• _What you should do_
Reply with the data below, repeated exactly in full.

• _Material for this exercise_
####################

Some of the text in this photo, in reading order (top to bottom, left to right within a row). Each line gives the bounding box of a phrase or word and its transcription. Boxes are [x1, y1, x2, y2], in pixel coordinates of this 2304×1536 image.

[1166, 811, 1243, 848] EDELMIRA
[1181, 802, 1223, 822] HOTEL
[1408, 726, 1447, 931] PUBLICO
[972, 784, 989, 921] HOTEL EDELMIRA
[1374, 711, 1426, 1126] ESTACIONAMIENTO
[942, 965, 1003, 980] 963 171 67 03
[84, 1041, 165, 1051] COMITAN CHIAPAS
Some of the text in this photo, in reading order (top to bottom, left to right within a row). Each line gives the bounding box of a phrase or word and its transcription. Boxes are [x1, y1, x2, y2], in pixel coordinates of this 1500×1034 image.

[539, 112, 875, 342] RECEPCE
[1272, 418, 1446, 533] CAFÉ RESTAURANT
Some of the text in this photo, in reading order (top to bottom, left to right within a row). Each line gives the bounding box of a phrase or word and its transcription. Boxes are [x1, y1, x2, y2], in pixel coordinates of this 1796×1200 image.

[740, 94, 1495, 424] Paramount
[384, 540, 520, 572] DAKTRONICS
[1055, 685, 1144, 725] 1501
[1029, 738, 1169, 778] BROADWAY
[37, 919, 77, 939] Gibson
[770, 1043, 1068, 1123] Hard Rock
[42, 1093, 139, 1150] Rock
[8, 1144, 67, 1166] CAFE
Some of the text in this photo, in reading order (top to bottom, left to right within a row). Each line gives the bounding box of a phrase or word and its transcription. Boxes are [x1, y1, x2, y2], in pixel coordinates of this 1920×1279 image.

####################

• _Written solution_
Some of the text in this photo, in reading order (top to bottom, left to right within a row). Each line gives the bounding box of a phrase or word and its transcription. Boxes are [x1, y1, x2, y2], in pixel coordinates of this 2304×1536 image.

[1166, 811, 1243, 848] EDELMIRA
[1181, 802, 1223, 822] HOTEL
[1408, 726, 1447, 931] PUBLICO
[972, 784, 989, 921] HOTEL EDELMIRA
[1374, 711, 1426, 1126] ESTACIONAMIENTO
[942, 965, 1003, 980] 963 171 67 03
[84, 1041, 165, 1051] COMITAN CHIAPAS
Some of the text in this photo, in reading order (top to bottom, left to right within a row). Each line gives the bounding box of a phrase or word and its transcription. Boxes are [x1, y1, x2, y2], in pixel coordinates of this 1500×1034 image.

[539, 112, 875, 342] RECEPCE
[1272, 418, 1446, 533] CAFÉ RESTAURANT
Some of the text in this photo, in reading order (top to bottom, left to right within a row). Each line gives the bounding box of a phrase or word and its transcription. Boxes are [x1, y1, x2, y2], in pixel coordinates of this 1796×1200 image.

[740, 94, 1495, 424] Paramount
[384, 540, 520, 572] DAKTRONICS
[1055, 685, 1144, 725] 1501
[1029, 738, 1169, 778] BROADWAY
[37, 919, 77, 939] Gibson
[770, 1043, 1068, 1123] Hard Rock
[42, 1093, 139, 1150] Rock
[8, 1144, 67, 1166] CAFE
Some of the text in this photo, in reading order (top to bottom, left to right within a row). Each line gives the bounding box of a phrase or word and its transcription. Boxes are [x1, y1, x2, y2], in pixel coordinates of this 1920×1279 image.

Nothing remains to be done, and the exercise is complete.